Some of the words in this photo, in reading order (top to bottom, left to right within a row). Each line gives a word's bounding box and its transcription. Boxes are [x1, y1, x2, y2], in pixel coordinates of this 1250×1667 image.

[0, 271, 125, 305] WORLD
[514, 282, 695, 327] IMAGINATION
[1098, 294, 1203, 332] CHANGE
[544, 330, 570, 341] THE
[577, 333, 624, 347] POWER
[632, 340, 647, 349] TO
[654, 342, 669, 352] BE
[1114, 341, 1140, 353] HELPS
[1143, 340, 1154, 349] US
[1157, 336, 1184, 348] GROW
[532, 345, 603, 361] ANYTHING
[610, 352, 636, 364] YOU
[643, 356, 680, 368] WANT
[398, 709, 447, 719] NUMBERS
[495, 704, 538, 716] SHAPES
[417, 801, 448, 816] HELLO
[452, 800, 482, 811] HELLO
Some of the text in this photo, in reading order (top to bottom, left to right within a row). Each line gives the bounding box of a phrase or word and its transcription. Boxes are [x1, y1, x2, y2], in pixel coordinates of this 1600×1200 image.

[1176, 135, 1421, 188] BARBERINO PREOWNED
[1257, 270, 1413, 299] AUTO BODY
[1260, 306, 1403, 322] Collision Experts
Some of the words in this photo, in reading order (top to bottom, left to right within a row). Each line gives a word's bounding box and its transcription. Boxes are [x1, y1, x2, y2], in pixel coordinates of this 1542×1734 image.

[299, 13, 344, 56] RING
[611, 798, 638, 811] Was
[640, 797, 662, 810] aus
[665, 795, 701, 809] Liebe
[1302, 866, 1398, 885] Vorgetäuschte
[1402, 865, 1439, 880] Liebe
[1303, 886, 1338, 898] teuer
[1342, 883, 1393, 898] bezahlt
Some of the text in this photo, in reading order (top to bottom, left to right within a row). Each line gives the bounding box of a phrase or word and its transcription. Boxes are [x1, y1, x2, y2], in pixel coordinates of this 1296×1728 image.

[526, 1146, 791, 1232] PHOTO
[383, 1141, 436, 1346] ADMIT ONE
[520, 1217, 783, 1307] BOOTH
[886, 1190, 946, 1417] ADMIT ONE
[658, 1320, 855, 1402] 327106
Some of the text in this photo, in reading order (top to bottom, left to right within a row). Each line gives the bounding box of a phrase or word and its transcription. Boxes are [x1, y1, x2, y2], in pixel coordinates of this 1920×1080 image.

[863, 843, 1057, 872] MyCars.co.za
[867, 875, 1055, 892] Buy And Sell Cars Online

------------------------------------------------------------------------

From the preceding material, extract every line exactly.

Some of the words in this photo, in reading order (top to bottom, left to right within a row). Each line gives a word's bounding box and its transcription. Boxes are [x1, y1, x2, y2], in pixel coordinates of this 1250×1667 image.

[0, 271, 125, 305] WORLD
[514, 282, 695, 327] IMAGINATION
[1098, 294, 1203, 332] CHANGE
[544, 330, 570, 341] THE
[577, 333, 624, 347] POWER
[632, 340, 647, 349] TO
[654, 342, 669, 352] BE
[1114, 341, 1140, 353] HELPS
[1143, 340, 1154, 349] US
[1157, 336, 1184, 348] GROW
[532, 345, 603, 361] ANYTHING
[610, 352, 636, 364] YOU
[643, 356, 680, 368] WANT
[398, 709, 447, 719] NUMBERS
[495, 704, 538, 716] SHAPES
[417, 801, 448, 816] HELLO
[452, 800, 482, 811] HELLO
Some of the text in this photo, in reading order (top to bottom, left to right within a row). Each line gives the bounding box of a phrase or word and its transcription. Boxes are [x1, y1, x2, y2], in pixel coordinates of this 1600×1200 image.

[1176, 135, 1421, 188] BARBERINO PREOWNED
[1257, 270, 1413, 299] AUTO BODY
[1260, 306, 1403, 322] Collision Experts
Some of the words in this photo, in reading order (top to bottom, left to right within a row). Each line gives a word's bounding box and its transcription. Boxes are [x1, y1, x2, y2], in pixel coordinates of this 1542×1734 image.

[299, 13, 344, 56] RING
[611, 798, 638, 811] Was
[640, 797, 662, 810] aus
[665, 795, 701, 809] Liebe
[1302, 866, 1398, 885] Vorgetäuschte
[1402, 865, 1439, 880] Liebe
[1303, 886, 1338, 898] teuer
[1342, 883, 1393, 898] bezahlt
Some of the text in this photo, in reading order (top to bottom, left to right within a row). Each line gives the bounding box of a phrase or word and its transcription. Boxes are [x1, y1, x2, y2], in pixel coordinates of this 1296×1728 image.

[526, 1146, 791, 1232] PHOTO
[383, 1141, 436, 1346] ADMIT ONE
[520, 1217, 783, 1307] BOOTH
[886, 1190, 946, 1417] ADMIT ONE
[658, 1320, 855, 1402] 327106
Some of the text in this photo, in reading order (top to bottom, left to right within a row). Each line gives the bounding box of a phrase or word and its transcription. Boxes are [x1, y1, x2, y2], in pixel coordinates of this 1920×1080 image.

[863, 843, 1057, 872] MyCars.co.za
[867, 875, 1055, 892] Buy And Sell Cars Online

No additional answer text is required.